Data for review START

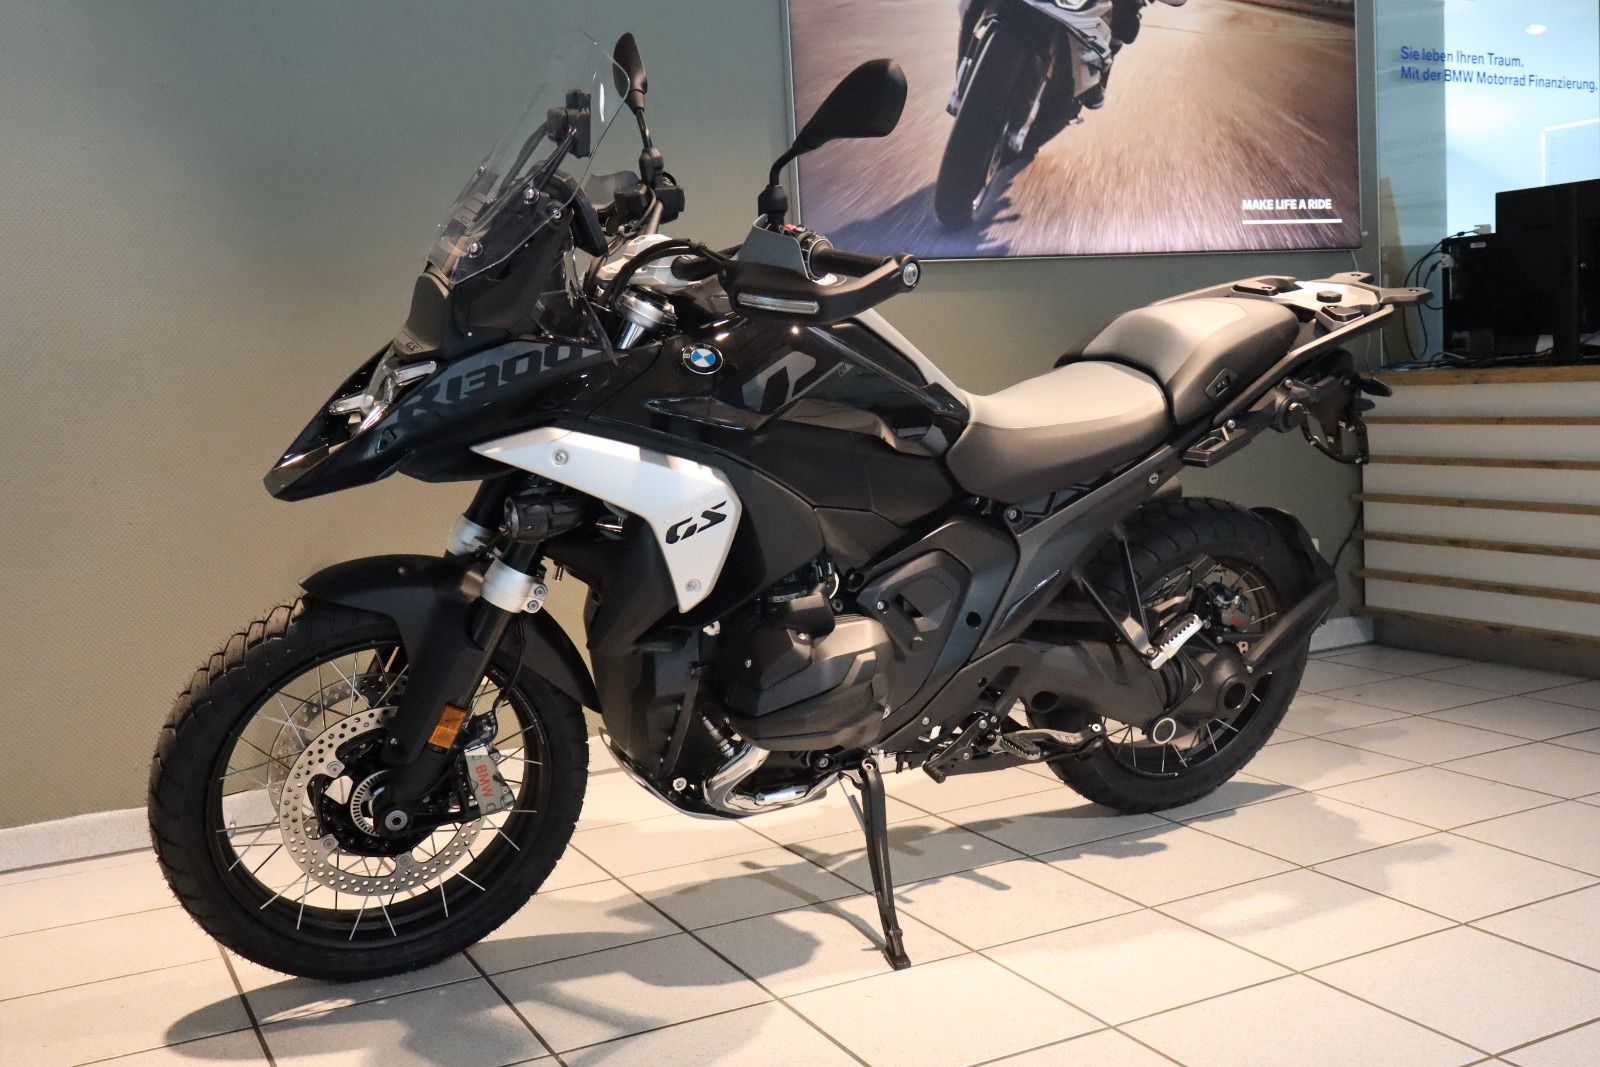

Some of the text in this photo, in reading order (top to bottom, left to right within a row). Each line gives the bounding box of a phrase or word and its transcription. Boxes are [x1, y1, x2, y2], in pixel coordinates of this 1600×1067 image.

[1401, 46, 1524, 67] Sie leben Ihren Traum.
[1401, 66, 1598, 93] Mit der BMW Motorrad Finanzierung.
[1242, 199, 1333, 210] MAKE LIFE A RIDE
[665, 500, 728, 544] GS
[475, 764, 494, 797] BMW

Data for review END

Could you output all of the entries above exactly? Leave the pictures out.

*Result of the exercise*:
Some of the text in this photo, in reading order (top to bottom, left to right within a row). Each line gives the bounding box of a phrase or word and its transcription. Boxes are [x1, y1, x2, y2], in pixel coordinates of this 1600×1067 image.

[1401, 46, 1524, 67] Sie leben Ihren Traum.
[1401, 66, 1598, 93] Mit der BMW Motorrad Finanzierung.
[1242, 199, 1333, 210] MAKE LIFE A RIDE
[665, 500, 728, 544] GS
[475, 764, 494, 797] BMW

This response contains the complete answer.